> [YOUR GOAL]: Wherever a picture appears in the listing, leave it out, and copy the rest exactly.

> [DATA FOR ANALYSIS]:
* * * *

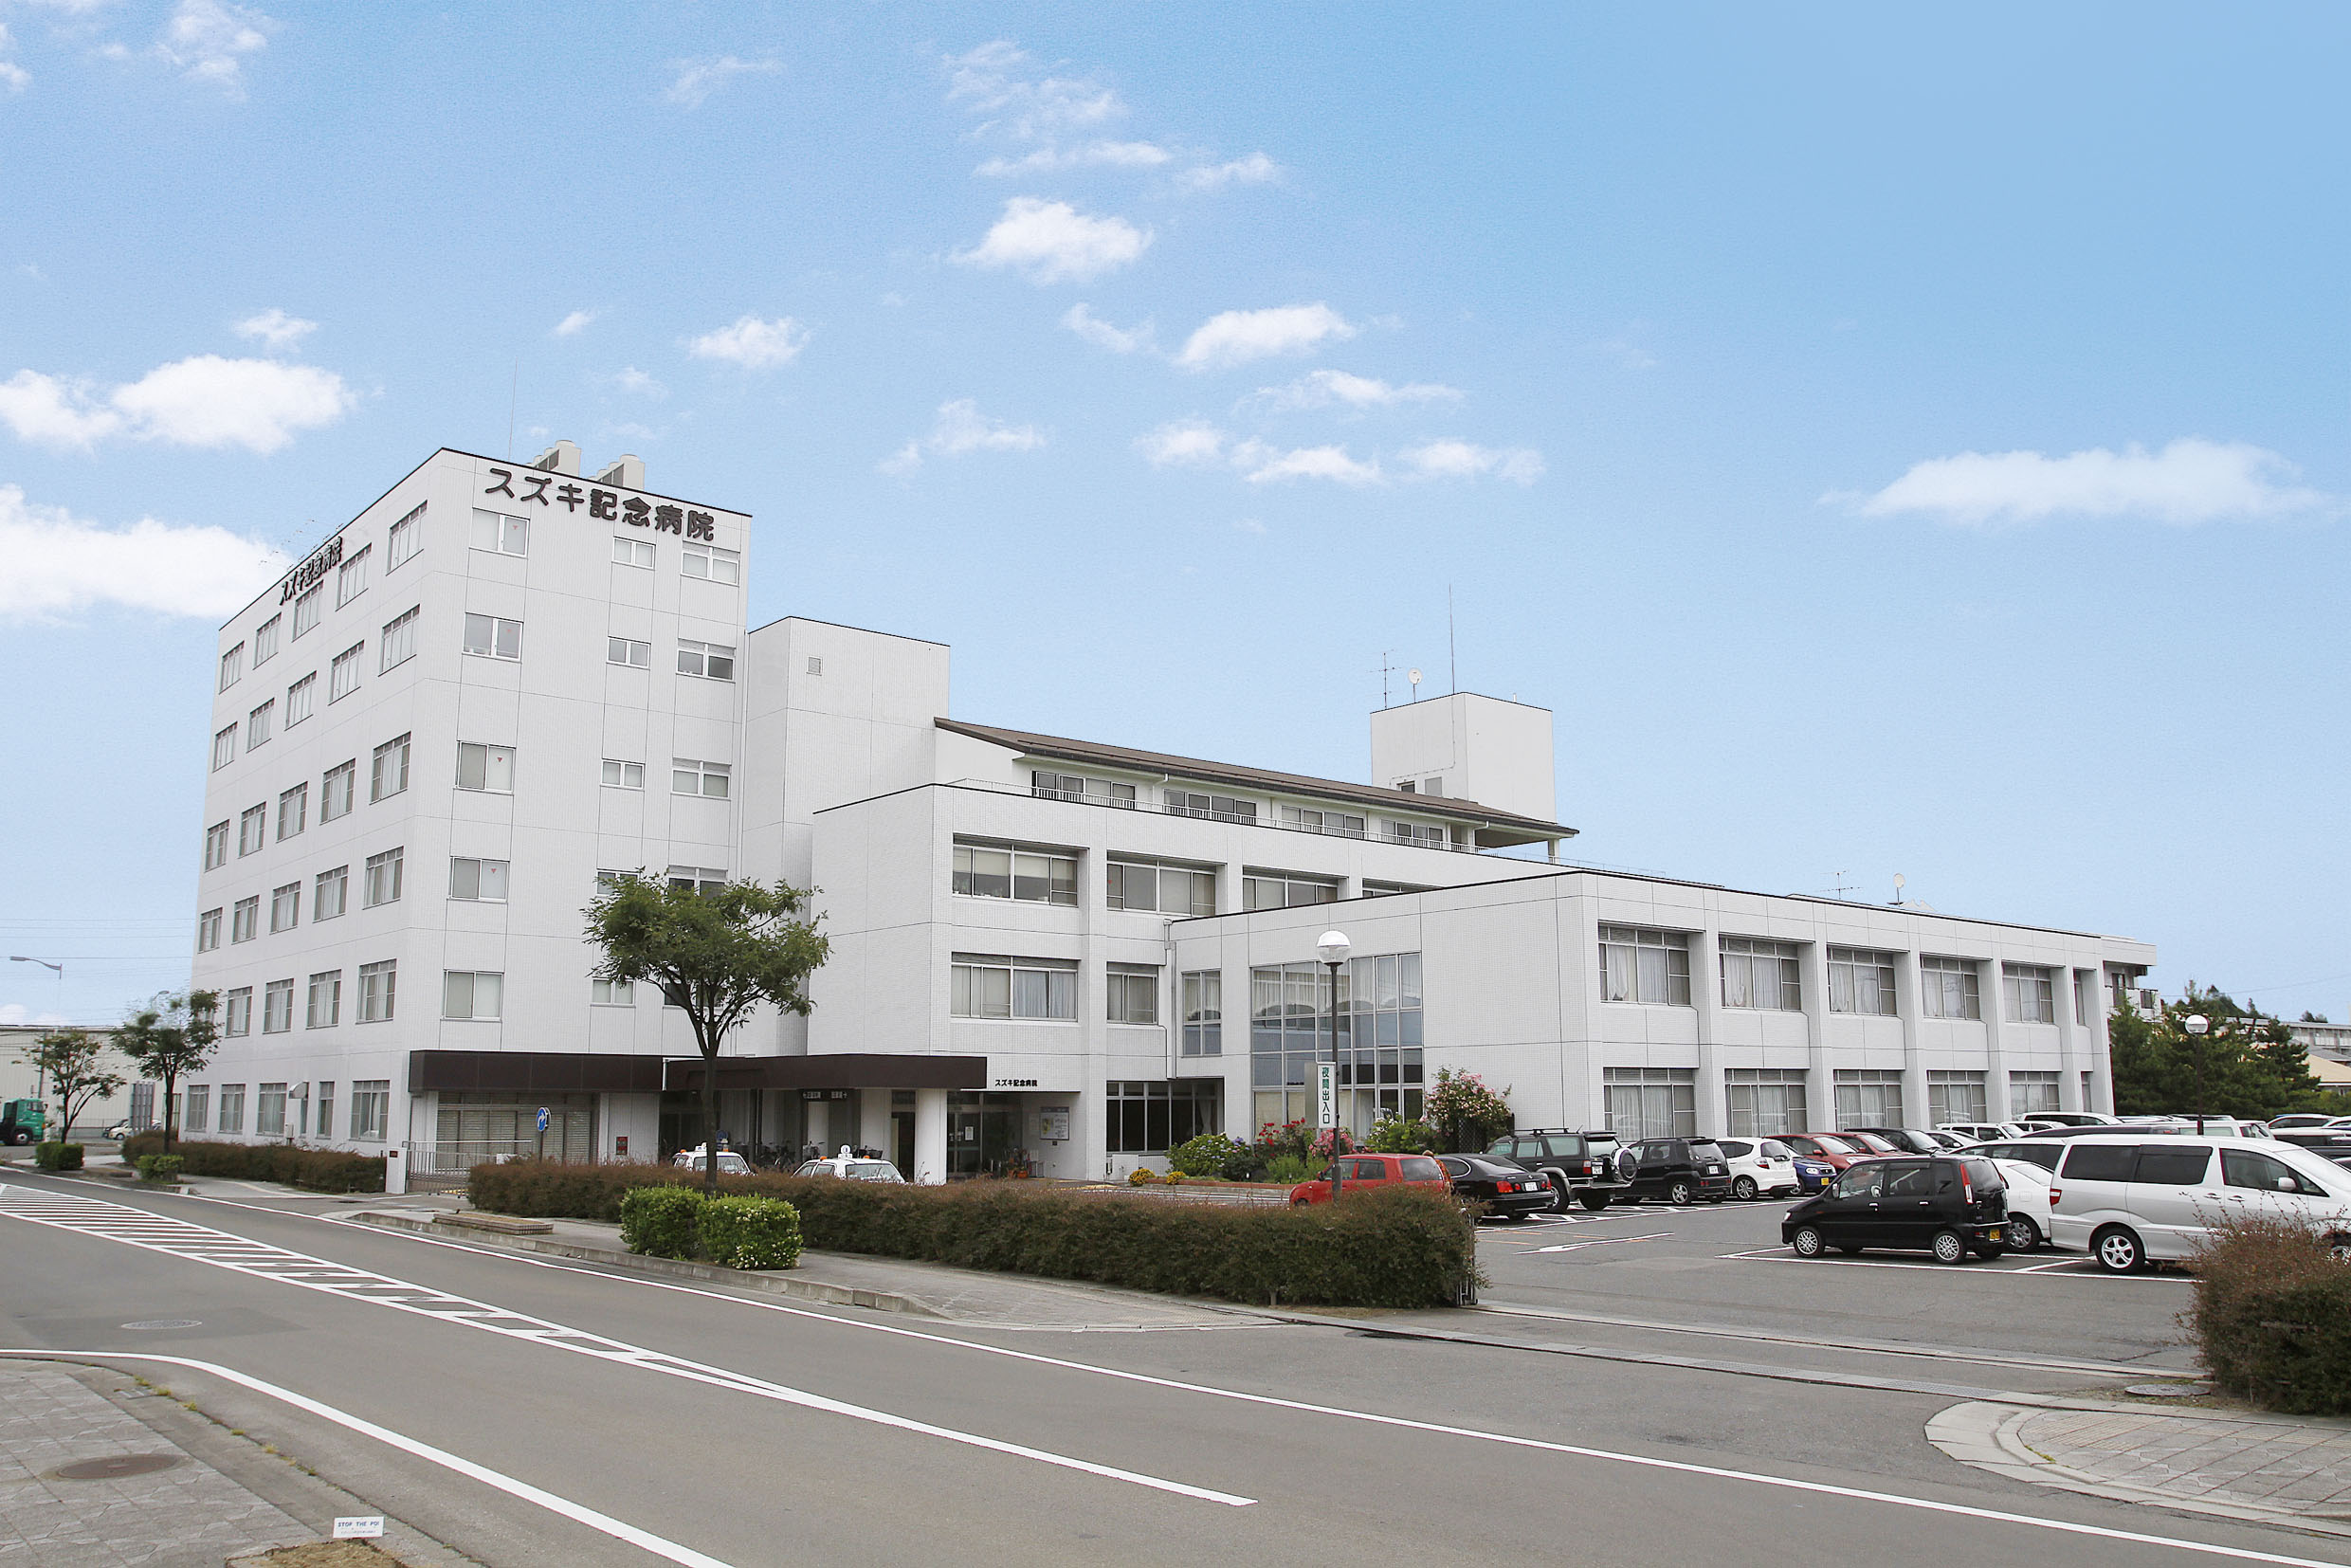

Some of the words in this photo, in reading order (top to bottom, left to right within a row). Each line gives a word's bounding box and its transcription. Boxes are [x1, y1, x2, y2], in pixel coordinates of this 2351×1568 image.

[485, 467, 714, 541] スズキ記念病院
[994, 1079, 1038, 1087] スズキ記念病院
[1321, 1067, 1331, 1124] 夜間出入口
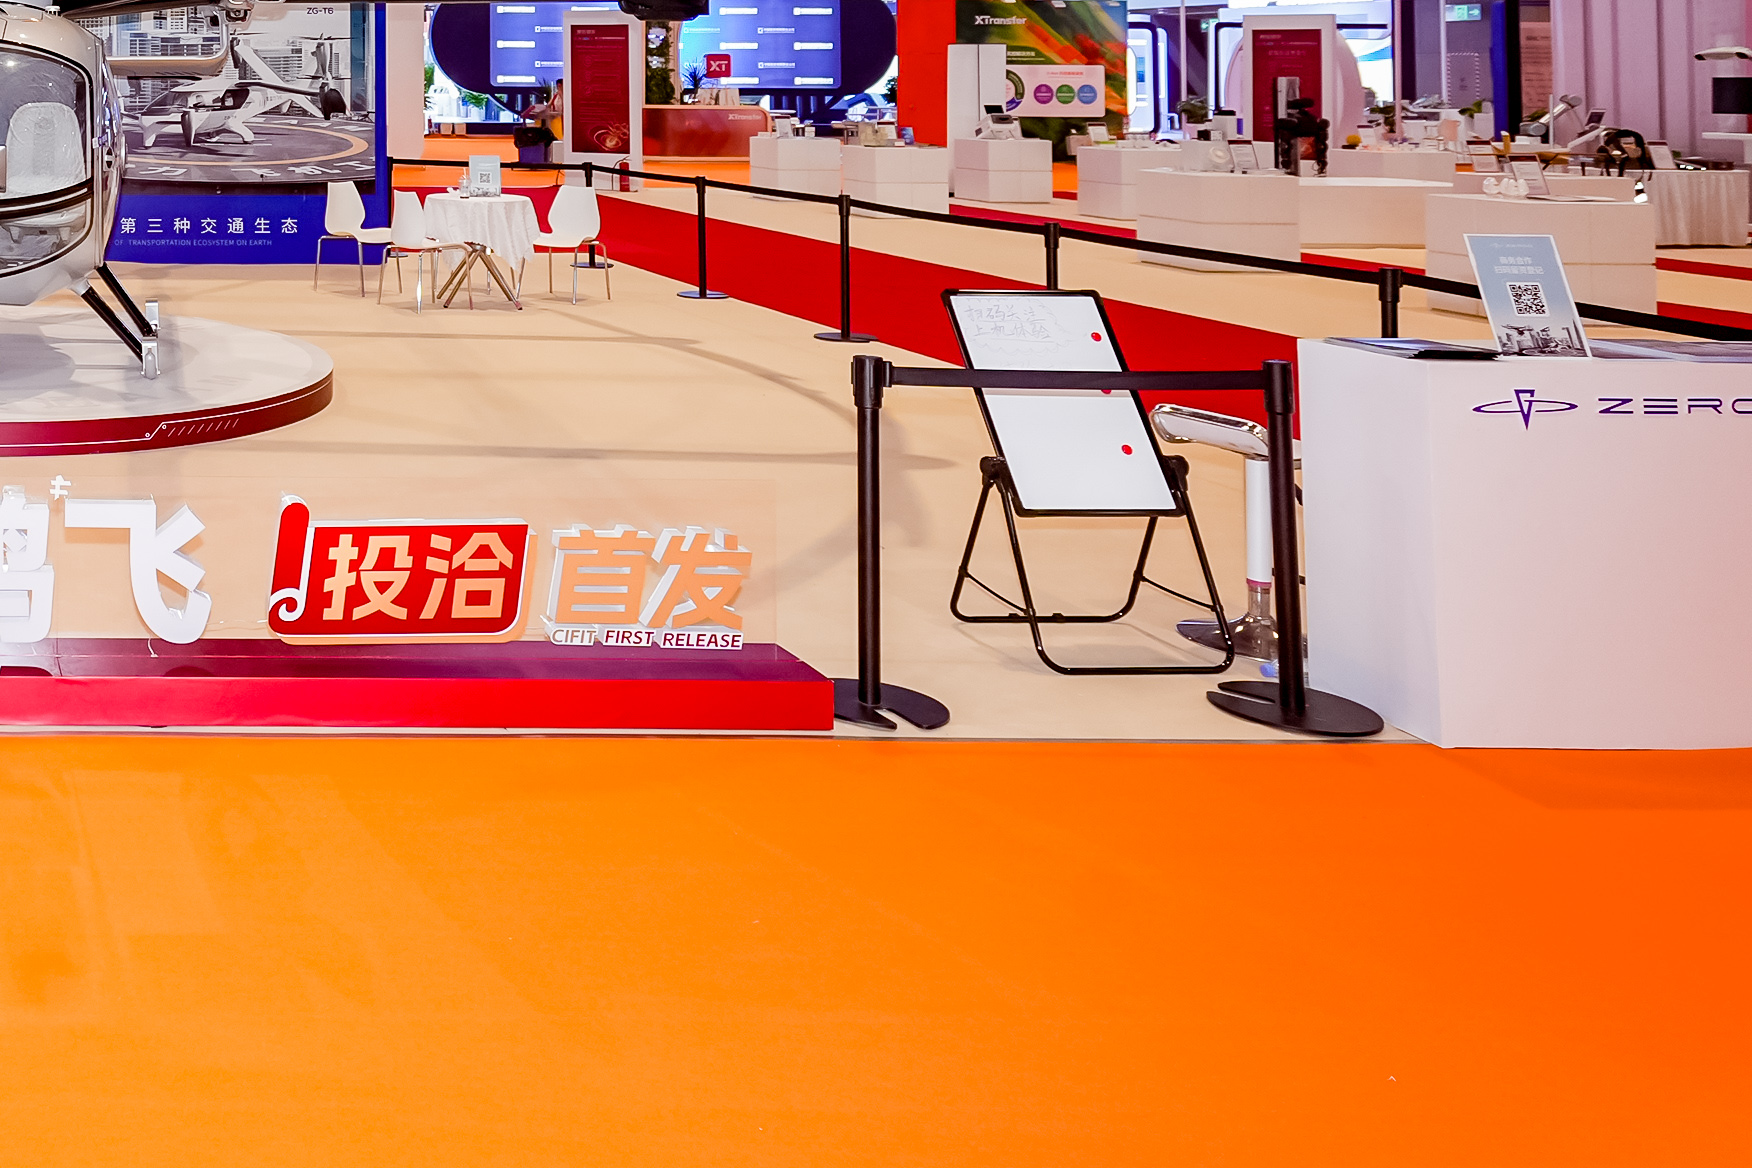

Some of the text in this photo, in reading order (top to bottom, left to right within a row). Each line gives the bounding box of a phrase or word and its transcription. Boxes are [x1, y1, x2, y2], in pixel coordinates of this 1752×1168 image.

[306, 7, 334, 15] ZG-T6
[975, 15, 1027, 25] XTransfer
[709, 60, 728, 72] XT
[120, 217, 298, 234] 第三种交通生态
[249, 239, 273, 247] EARTH
[322, 532, 515, 622] 投洽
[552, 523, 752, 629] 首发
[552, 629, 742, 649] CIFIT FIRST RELEASE
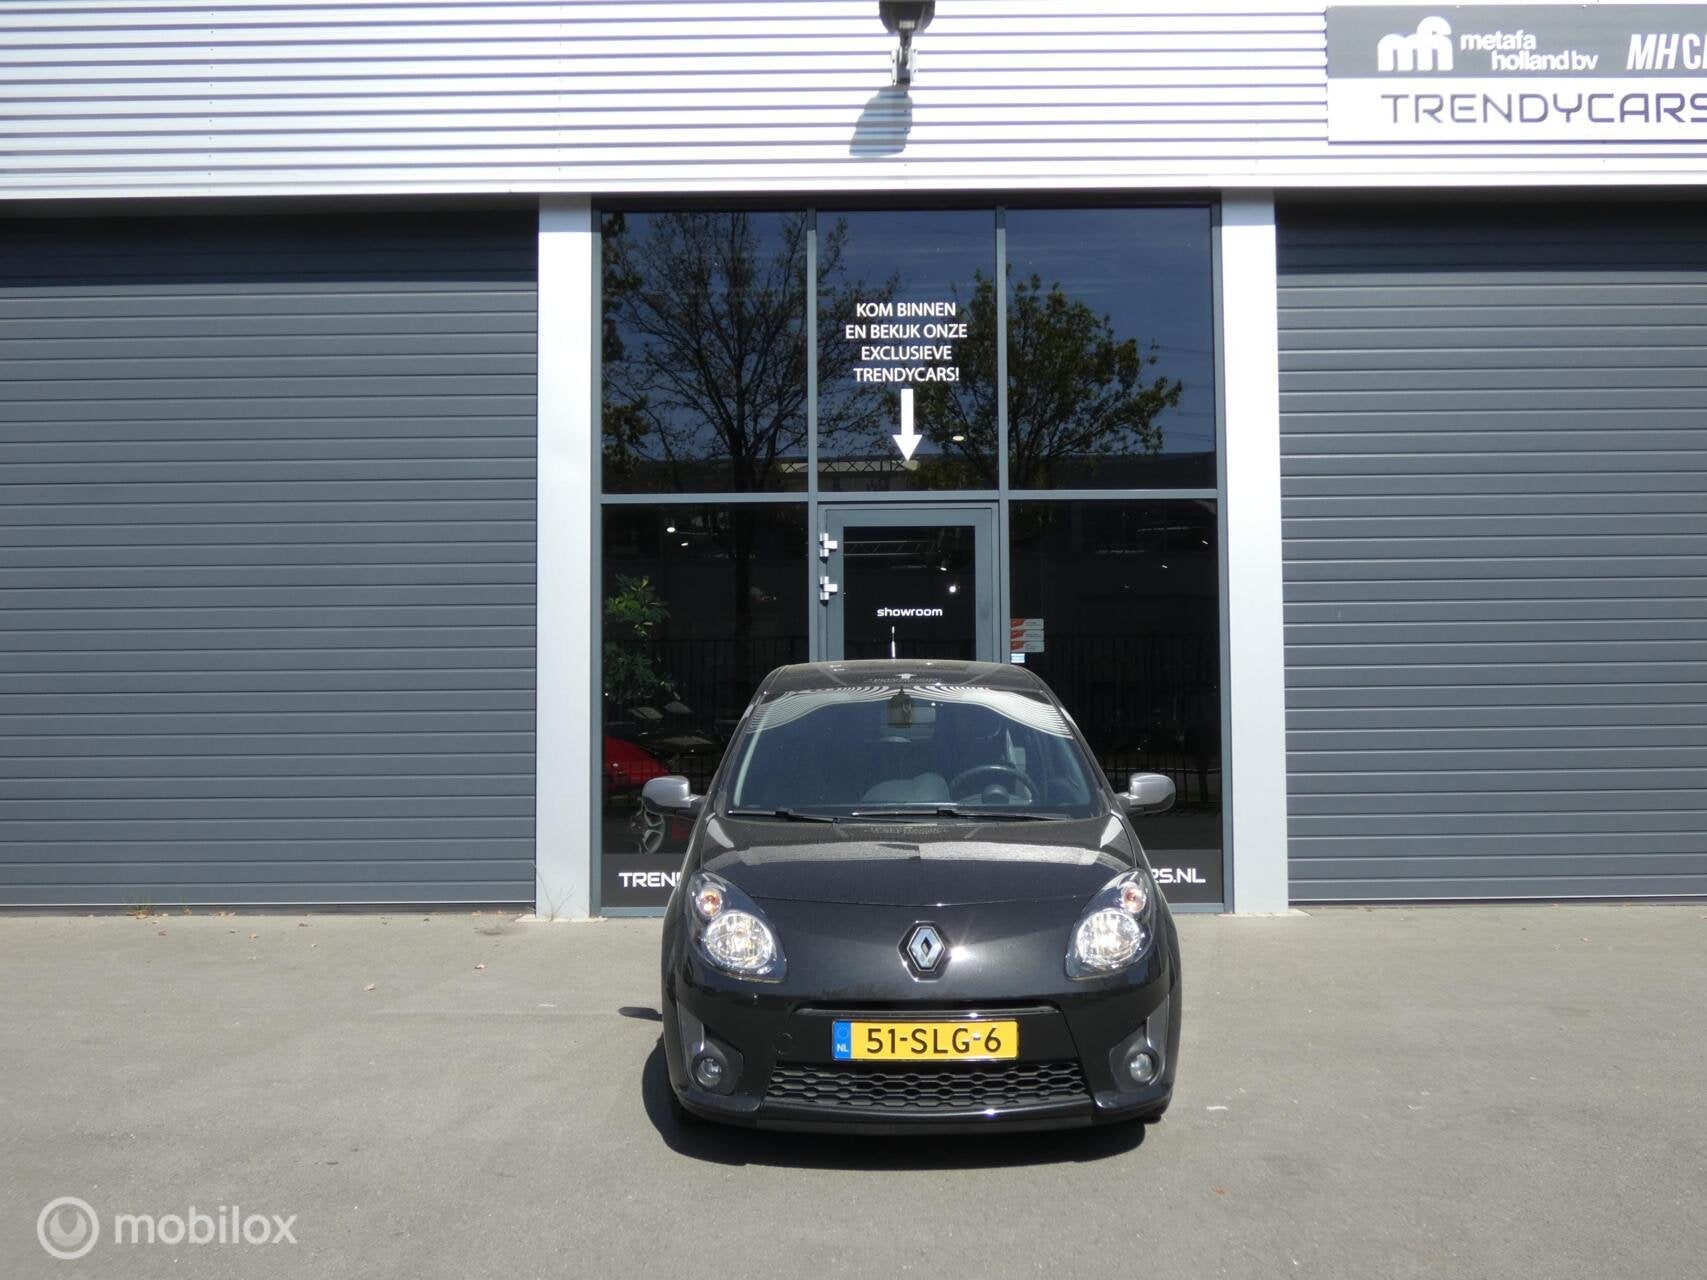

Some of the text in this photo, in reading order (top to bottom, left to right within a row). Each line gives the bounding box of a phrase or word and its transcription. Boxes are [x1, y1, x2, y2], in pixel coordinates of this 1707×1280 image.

[1460, 30, 1537, 51] metafa
[1626, 33, 1707, 70] MHC
[856, 302, 956, 317] KOM BINNEN
[845, 323, 968, 339] EN BEKIJK ONZE
[861, 345, 952, 361] EXCLUSIEVE
[853, 367, 960, 382] TRENDYCARS!
[877, 607, 943, 617] showroom
[837, 1043, 849, 1053] NL
[866, 1027, 1002, 1055] 51-SLG-6

* * * *

> [RESPONSE BELOW]:
Some of the words in this photo, in reading order (top to bottom, left to right within a row). Each line gives a word's bounding box and its transcription. Boxes are [x1, y1, x2, y2], in pixel coordinates of this 2351×1568 image.

[485, 467, 714, 541] スズキ記念病院
[994, 1079, 1038, 1087] スズキ記念病院
[1321, 1067, 1331, 1124] 夜間出入口

Some of the text in this photo, in reading order (top to bottom, left to right within a row). Each line gives the bounding box of a phrase or word and its transcription. Boxes are [x1, y1, x2, y2], in pixel coordinates of this 1752×1168 image.

[306, 7, 334, 15] ZG-T6
[975, 15, 1027, 25] XTransfer
[709, 60, 728, 72] XT
[120, 217, 298, 234] 第三种交通生态
[249, 239, 273, 247] EARTH
[322, 532, 515, 622] 投洽
[552, 523, 752, 629] 首发
[552, 629, 742, 649] CIFIT FIRST RELEASE

Some of the text in this photo, in reading order (top to bottom, left to right within a row). Each line gives the bounding box of a phrase or word and its transcription. Boxes are [x1, y1, x2, y2], in pixel coordinates of this 1707×1280 image.

[1460, 30, 1537, 51] metafa
[1626, 33, 1707, 70] MHC
[856, 302, 956, 317] KOM BINNEN
[845, 323, 968, 339] EN BEKIJK ONZE
[861, 345, 952, 361] EXCLUSIEVE
[853, 367, 960, 382] TRENDYCARS!
[877, 607, 943, 617] showroom
[837, 1043, 849, 1053] NL
[866, 1027, 1002, 1055] 51-SLG-6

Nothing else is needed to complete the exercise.